## Directions for this task
Where an entry holds an image, leave the image out; otherwise reproduce the entry exactly.

## Task data
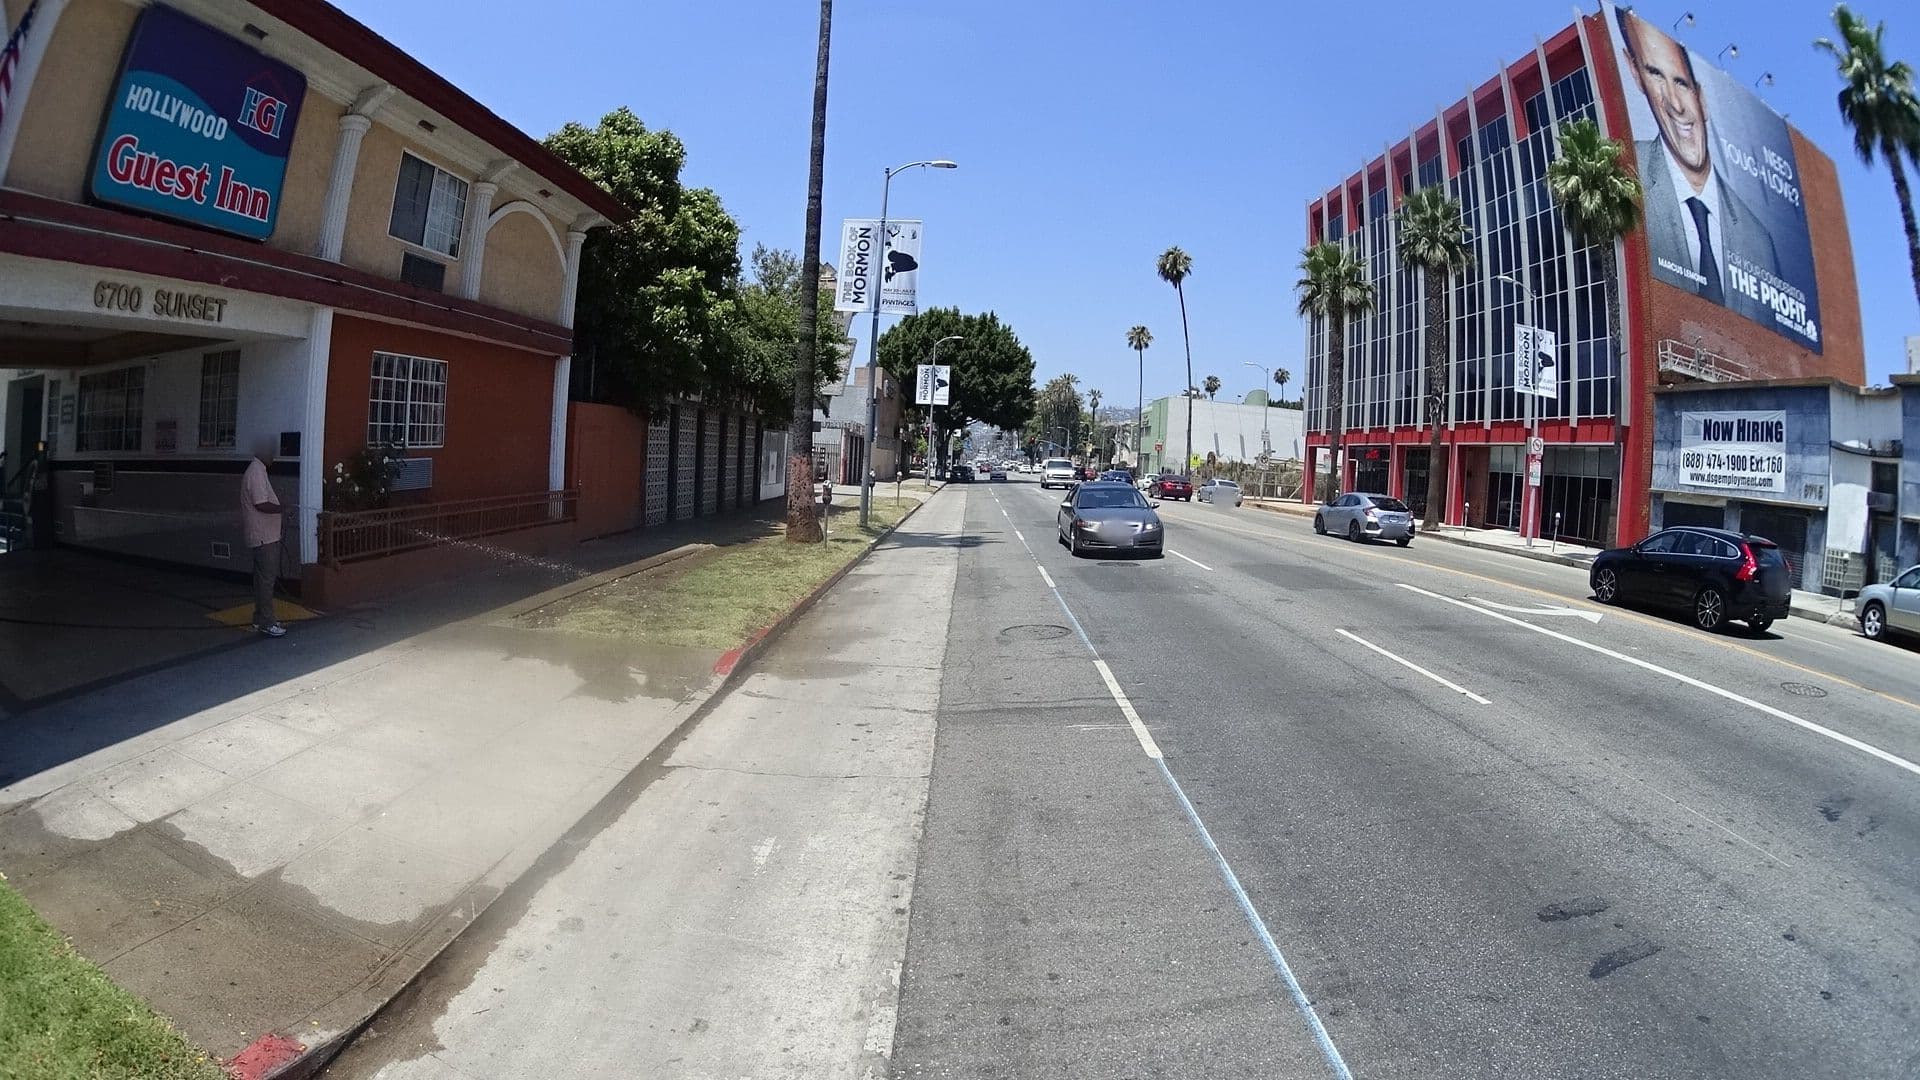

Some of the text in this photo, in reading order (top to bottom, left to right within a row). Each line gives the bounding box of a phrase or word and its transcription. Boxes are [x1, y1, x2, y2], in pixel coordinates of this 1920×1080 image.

[125, 84, 228, 141] HOLLYWOOD
[238, 86, 288, 139] HGI
[107, 133, 271, 223] Guest Inn
[1720, 138, 1767, 185] TOUGH
[1763, 145, 1793, 180] NEED
[842, 226, 859, 303] THE BOOK OF
[852, 227, 872, 304] MORMON
[93, 280, 228, 322] 6700 SUNSET
[882, 298, 915, 307] PANTAGES
[1728, 263, 1759, 301] THE
[1760, 280, 1807, 326] PROFIT
[1523, 331, 1531, 388] MORMON
[922, 368, 930, 401] MORMON
[1702, 418, 1784, 443] NOW HIRING
[1682, 451, 1704, 470] (888)
[1706, 453, 1746, 472] 474-1900
[1689, 471, 1774, 488] www.dsgemployment.com
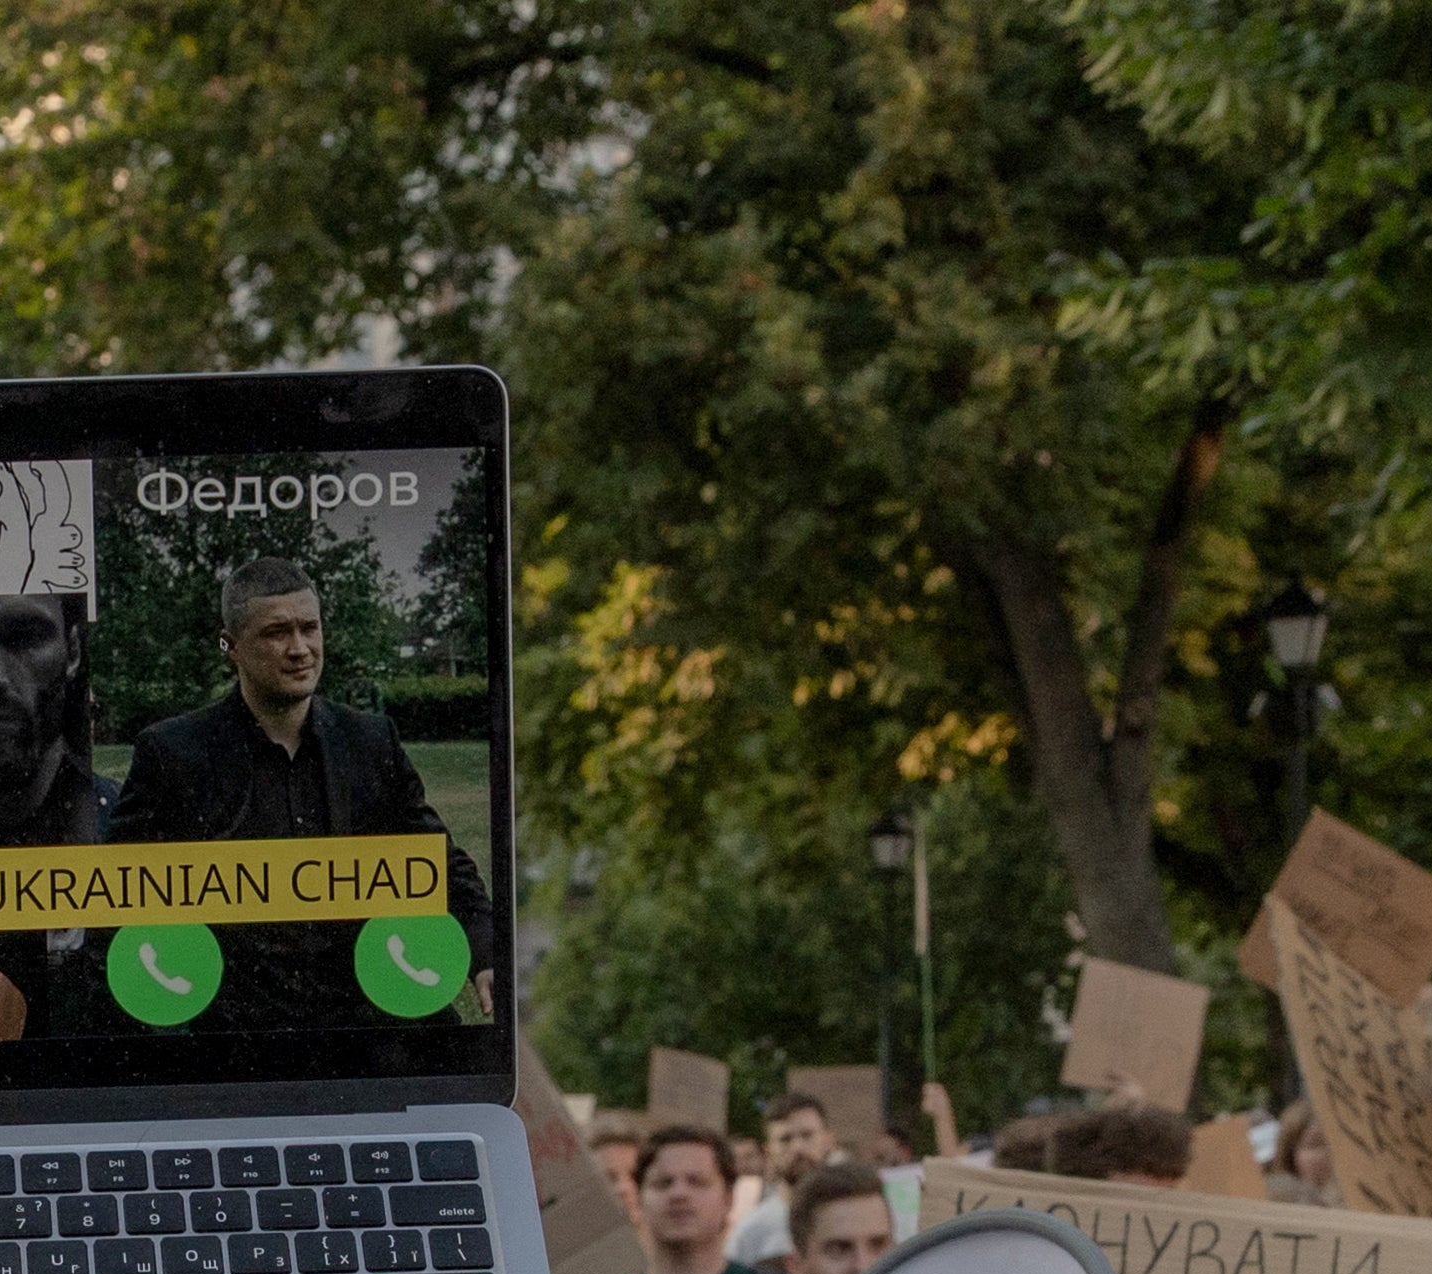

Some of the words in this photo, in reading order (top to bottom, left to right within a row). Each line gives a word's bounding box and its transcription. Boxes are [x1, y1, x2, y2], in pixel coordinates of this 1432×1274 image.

[133, 467, 423, 524] Федоров
[292, 857, 438, 902] CHAD
[439, 1208, 475, 1216] delete
[16, 1218, 26, 1229] 7
[83, 1216, 94, 1227] 8
[149, 1214, 160, 1225] 9
[254, 1248, 264, 1258] P
[51, 1255, 63, 1265] U
[137, 1263, 151, 1272] Ш
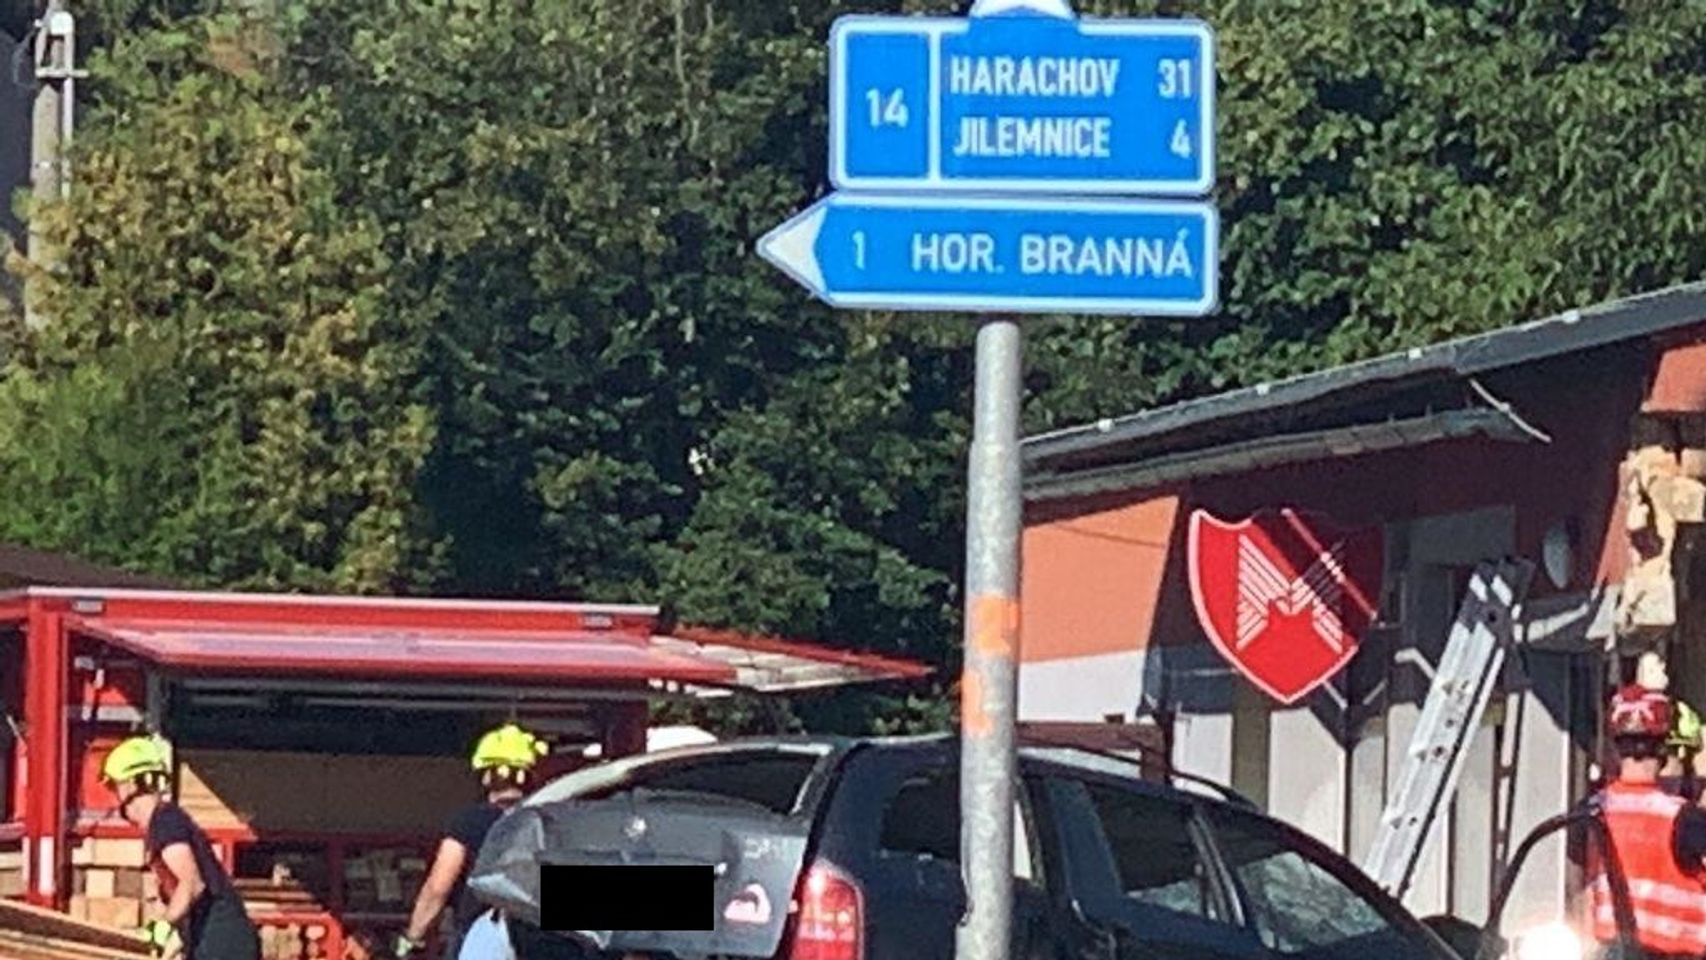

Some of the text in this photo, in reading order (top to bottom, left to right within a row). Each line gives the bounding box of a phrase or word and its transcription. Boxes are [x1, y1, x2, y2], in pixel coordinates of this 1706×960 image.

[949, 56, 1193, 99] HARACHOV 31
[865, 88, 909, 128] 14
[952, 116, 1193, 158] JILEMNICE 4
[851, 227, 1194, 279] 1 HOR. BRANNÁ
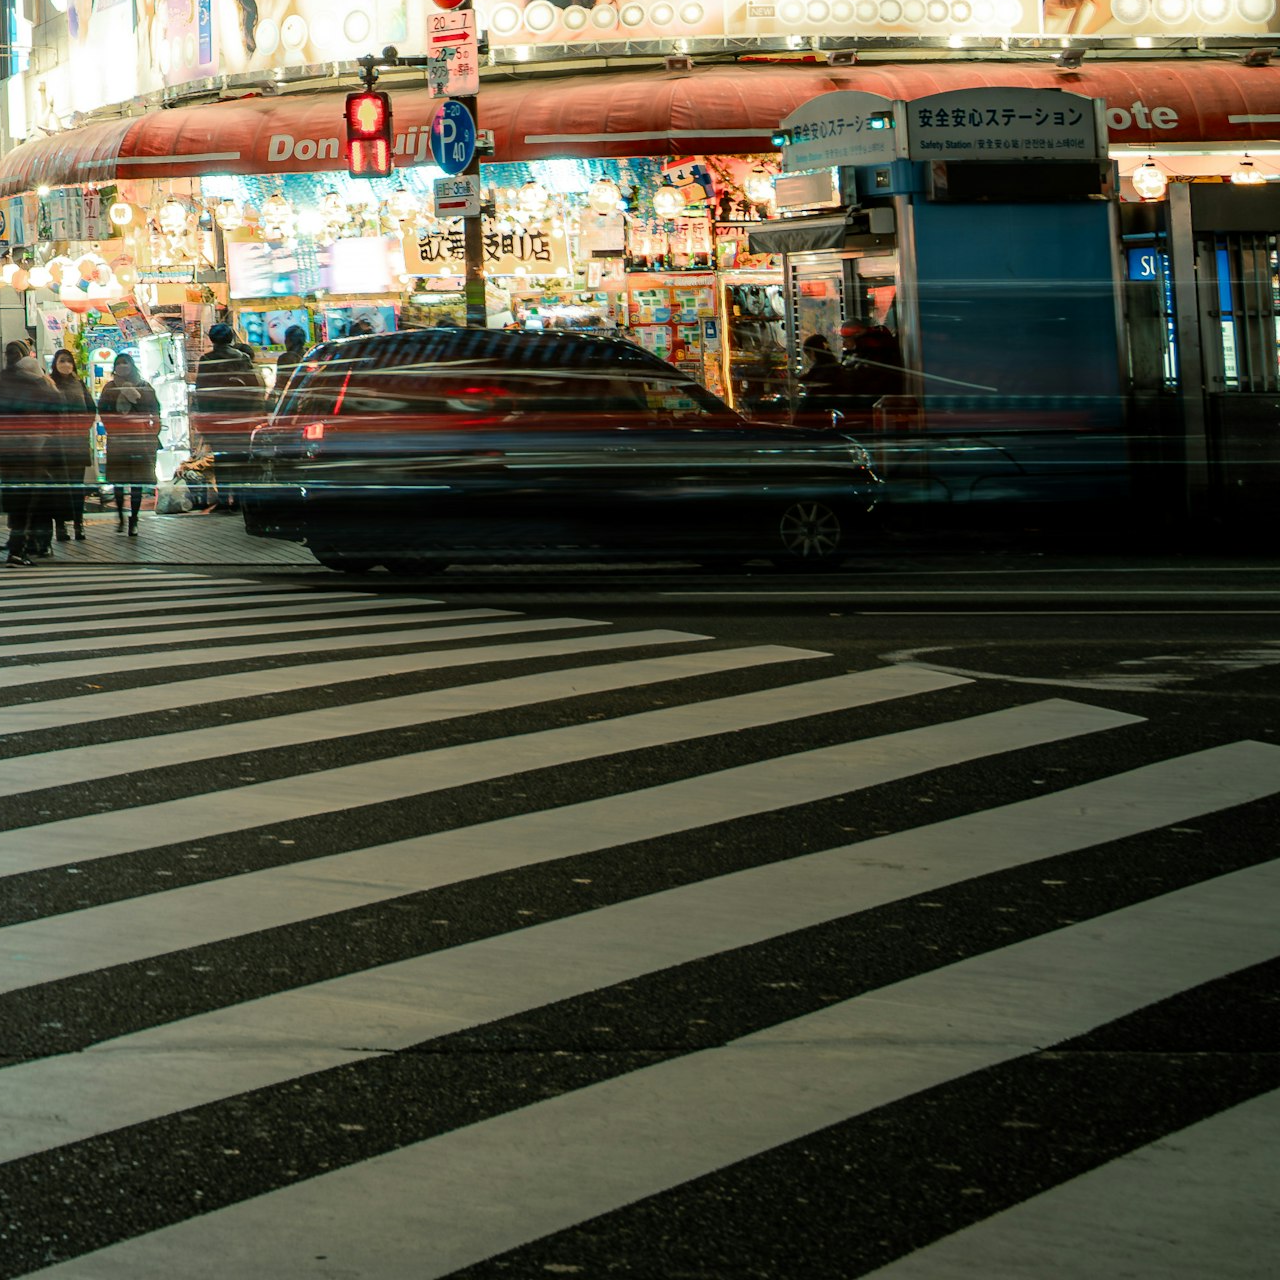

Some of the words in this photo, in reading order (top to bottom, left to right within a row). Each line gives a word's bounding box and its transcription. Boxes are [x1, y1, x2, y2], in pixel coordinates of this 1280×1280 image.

[919, 108, 1083, 129] 安全安心ステーション
[267, 134, 339, 162] Don
[441, 118, 457, 164] P
[453, 141, 466, 163] 40
[919, 140, 944, 152] Safety
[945, 140, 973, 151] Station

## Written response
Some of the text in this photo, in reading order (top to bottom, left to right within a row). Each line gives the bounding box of a phrase or word and its transcription. Boxes are [x1, y1, x2, y2], in pixel coordinates of this 1920×1080 image.

[125, 84, 228, 141] HOLLYWOOD
[238, 86, 288, 139] HGI
[107, 133, 271, 223] Guest Inn
[1720, 138, 1767, 185] TOUGH
[1763, 145, 1793, 180] NEED
[842, 226, 859, 303] THE BOOK OF
[852, 227, 872, 304] MORMON
[93, 280, 228, 322] 6700 SUNSET
[882, 298, 915, 307] PANTAGES
[1728, 263, 1759, 301] THE
[1760, 280, 1807, 326] PROFIT
[1523, 331, 1531, 388] MORMON
[922, 368, 930, 401] MORMON
[1702, 418, 1784, 443] NOW HIRING
[1682, 451, 1704, 470] (888)
[1706, 453, 1746, 472] 474-1900
[1689, 471, 1774, 488] www.dsgemployment.com

Some of the words in this photo, in reading order (top to bottom, left to right within a row). Each line gives a word's bounding box and its transcription. Boxes are [x1, y1, x2, y2], in pixel coordinates of this 1432×1274 image.

[133, 467, 423, 524] Федоров
[292, 857, 438, 902] CHAD
[439, 1208, 475, 1216] delete
[16, 1218, 26, 1229] 7
[83, 1216, 94, 1227] 8
[149, 1214, 160, 1225] 9
[254, 1248, 264, 1258] P
[51, 1255, 63, 1265] U
[137, 1263, 151, 1272] Ш

Some of the text in this photo, in reading order (top to bottom, left to right within a row). Each line gives the bounding box of a phrase or word and its transcription. Boxes are [x1, y1, x2, y2], in pixel coordinates of this 1706×960 image.

[949, 56, 1193, 99] HARACHOV 31
[865, 88, 909, 128] 14
[952, 116, 1193, 158] JILEMNICE 4
[851, 227, 1194, 279] 1 HOR. BRANNÁ

Some of the words in this photo, in reading order (top to bottom, left to right within a row). Each line gives a word's bounding box and its transcription. Boxes are [x1, y1, x2, y2], in pixel coordinates of this 1280×1280 image.

[919, 108, 1083, 129] 安全安心ステーション
[267, 134, 339, 162] Don
[441, 118, 457, 164] P
[453, 141, 466, 163] 40
[919, 140, 944, 152] Safety
[945, 140, 973, 151] Station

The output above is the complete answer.